For this reason, a mother who is alone with her children during the day is wise to use her delegated authority from her husband to speedily execute the correction against the erring child rather than wait the minutes or even the hours that it may take for dad to arrive home. When one keeps in mind that the greater the time difference between the offense and the correction the less effect will be gained from the correction, it is obviously wise to follow God’s method and apply the correction immediately after the offense.
Many parents in using the rod of correction on their child do so with an obvious lack of vigor and often stop short of the child’s will being completely broken. Manifestation of this error is illustrated in countless homes as a child gets up from his session of correction still spouting rebellious words and giving willful looks at his discouraged parent. The parent has no one to blame but himself for this problem since he did not completely break the will of the child during the session of correction. A child who is still willing to resist the authority of his parent after having received the rod of correction is still in need of more of that same rod.
Both my wife and I have often remarked that it is good that one of our children was not our firstborn. This particular child who came along later in our family was extremely willful and rebellious toward our authority and would often require sessions of correction lasting from one to two hours in length before the will would finally be broken! Had this child been our first, we may well have been tempted to despair of the grace of God.
Do not be discouraged, dear parent, when it appears that your Godly efforts to chastise your child with the rod of correction meet with total resistance towards your authority. This simply means that you have started on the right course and you must now pursue your objective of a broken will with great vigor until your mission is finally accomplished. This may require a great deal of self-discipline on your part but you can do it, since God requires you to do so.
God’s tool for correction
What is the tool of the condition in this passage? Solomon explains that it is “the rod.” I have spent a great deal of time researching just exactly what a “rod” is and the Scriptural usage thereof and have determined that a “rod” is simply a rod! It is variously defined as a rod, a staff, a scepter, or a wand. In short, a rod is an instrument strong enough to be used in a session of correction so that it will not be broken. It also lends itself to inflicting pain on the posterior of the child, but it is not so constructed as to break bones or tear flesh! In other words, the rod is not a pencil, or a ruler, or a pillow. It is far more severe than any of these objects. Nor is the rod a rubber hose or a length of barbed wire! A rod in most cases is probably a wooden paddle used for spanking the buttock. In my own family, we use a large hardwood paddle for this purpose. If you were to ask any of my children, “Where is the rod of correction in your house?” They would immediately know of what you are speaking and each child who is old enough to do so would be able to take you down to the master bedroom where the “family rod” is kept in a corner.
Since the Lord emphasizes the use of this inanimate object called “the rod” it is not wise for a parent to ordinarily use any other tool for correction.
Although a hand may have to be used in an emergency session of correction, this is not what the Lord had in mind. Your hand cannot do an effective job of correcting since you will inflict about as much pain on your hand as you will on the child’s buttock. Your hand should represent love and affection, not correction. The Lord prefers this inanimate object called the rod.
If a parent obeys … then what?
The promise specified to an obedient parent is “he shall not die.” A casual reader of this passage may be tempted to think Solomon is speaking about the rod of correction in a session of discipline and this session of discipline will cause sufficient crying on the part of the child that it may sound as if he is going to die but he really will not. Although many believe this to be true, this is a false and erroneous interpretation of this passage. If this were true and Solomon is making a reference to physical death in this phrase, “He shall not die,” then a parent could keep his child alive forever by giving him a daily beating! That is ludicrous you may say, and I agree. This passage is not a reference to physical death but is a very clear reference to spiritual life and death.

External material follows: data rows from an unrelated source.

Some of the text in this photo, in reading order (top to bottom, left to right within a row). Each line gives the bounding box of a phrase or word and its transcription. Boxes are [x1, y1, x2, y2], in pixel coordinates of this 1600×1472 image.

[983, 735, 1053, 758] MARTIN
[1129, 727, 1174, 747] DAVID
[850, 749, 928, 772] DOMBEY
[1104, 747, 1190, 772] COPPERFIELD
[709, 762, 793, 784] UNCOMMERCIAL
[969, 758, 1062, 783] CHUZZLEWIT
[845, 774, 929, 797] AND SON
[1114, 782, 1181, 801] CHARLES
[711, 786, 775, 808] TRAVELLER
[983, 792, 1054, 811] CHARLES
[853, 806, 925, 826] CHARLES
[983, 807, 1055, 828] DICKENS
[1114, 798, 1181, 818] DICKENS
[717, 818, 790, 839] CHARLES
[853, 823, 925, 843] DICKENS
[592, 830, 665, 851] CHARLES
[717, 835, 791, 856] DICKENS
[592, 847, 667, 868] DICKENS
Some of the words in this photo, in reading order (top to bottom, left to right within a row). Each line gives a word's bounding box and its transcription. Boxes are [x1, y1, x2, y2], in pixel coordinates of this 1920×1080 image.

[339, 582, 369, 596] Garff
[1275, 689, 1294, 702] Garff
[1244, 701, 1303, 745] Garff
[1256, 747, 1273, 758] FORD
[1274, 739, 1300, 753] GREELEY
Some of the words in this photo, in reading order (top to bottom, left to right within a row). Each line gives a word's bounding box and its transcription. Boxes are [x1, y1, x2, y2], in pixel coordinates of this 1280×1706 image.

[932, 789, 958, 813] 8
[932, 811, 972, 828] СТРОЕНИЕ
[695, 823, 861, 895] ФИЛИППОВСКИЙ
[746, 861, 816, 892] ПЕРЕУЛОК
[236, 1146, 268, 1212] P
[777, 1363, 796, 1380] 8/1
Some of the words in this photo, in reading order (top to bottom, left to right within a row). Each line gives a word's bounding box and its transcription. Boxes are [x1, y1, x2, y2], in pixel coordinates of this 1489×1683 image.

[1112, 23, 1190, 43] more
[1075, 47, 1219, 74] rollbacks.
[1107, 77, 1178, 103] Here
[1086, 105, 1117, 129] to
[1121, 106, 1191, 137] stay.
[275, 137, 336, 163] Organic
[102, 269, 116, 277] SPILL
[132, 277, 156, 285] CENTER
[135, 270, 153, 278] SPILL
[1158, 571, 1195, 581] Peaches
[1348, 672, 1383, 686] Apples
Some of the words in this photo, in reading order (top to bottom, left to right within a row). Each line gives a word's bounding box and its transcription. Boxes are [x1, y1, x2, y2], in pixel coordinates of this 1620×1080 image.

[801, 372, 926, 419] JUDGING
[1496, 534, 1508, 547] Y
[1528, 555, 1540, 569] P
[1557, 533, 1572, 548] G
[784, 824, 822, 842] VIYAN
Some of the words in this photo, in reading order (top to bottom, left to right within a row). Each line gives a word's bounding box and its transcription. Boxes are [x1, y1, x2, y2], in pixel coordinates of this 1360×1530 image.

II. THE SECOND DIRECTIVE: THE PROCEDURE AND PRODUCT OF CORRECTION
A. The procedure of correction
The second directive found in this passage is also in two parts. They are: the procedure and the product of correction. The first part or the procedure of correction is highlighted by “Thou shalt beat him with the rod.” The one who does the beating, in other words, is the one who saves this child in a spiritual sense! Here is a very mysterious promise to a parent in the Scriptures, that consistent, Godly, disciplined correction of the child with the rod of correction will in some mysterious sense be instrumental in that child’s spiritual salvation from sin and death.
To ignore this very clear reference to the child’s salvation being related to his being disciplined is to ignore the very clear teaching of this passage of the Word of God. A parent must recognize and see clearly that Biblically beating his child sensitizes that child not only to the fact of sin but also to its ugliness. In addition, the child will see that the penalty must always be paid when we sin. The beating spoken of in this passage is done often and consistently so that the child recognizes he will always pay a price that he does not want to pay for rebellion against his authority. Such a child who is Biblically trained and corrected will be far more likely to respond to the spiritual concepts of sin and salvation when he reaches the age of understanding. A vital principle for a parent to grasp in this business of child correction is that our children will leave our house to obey their heavenly Father in exactly the same way as they have obeyed their earthly father.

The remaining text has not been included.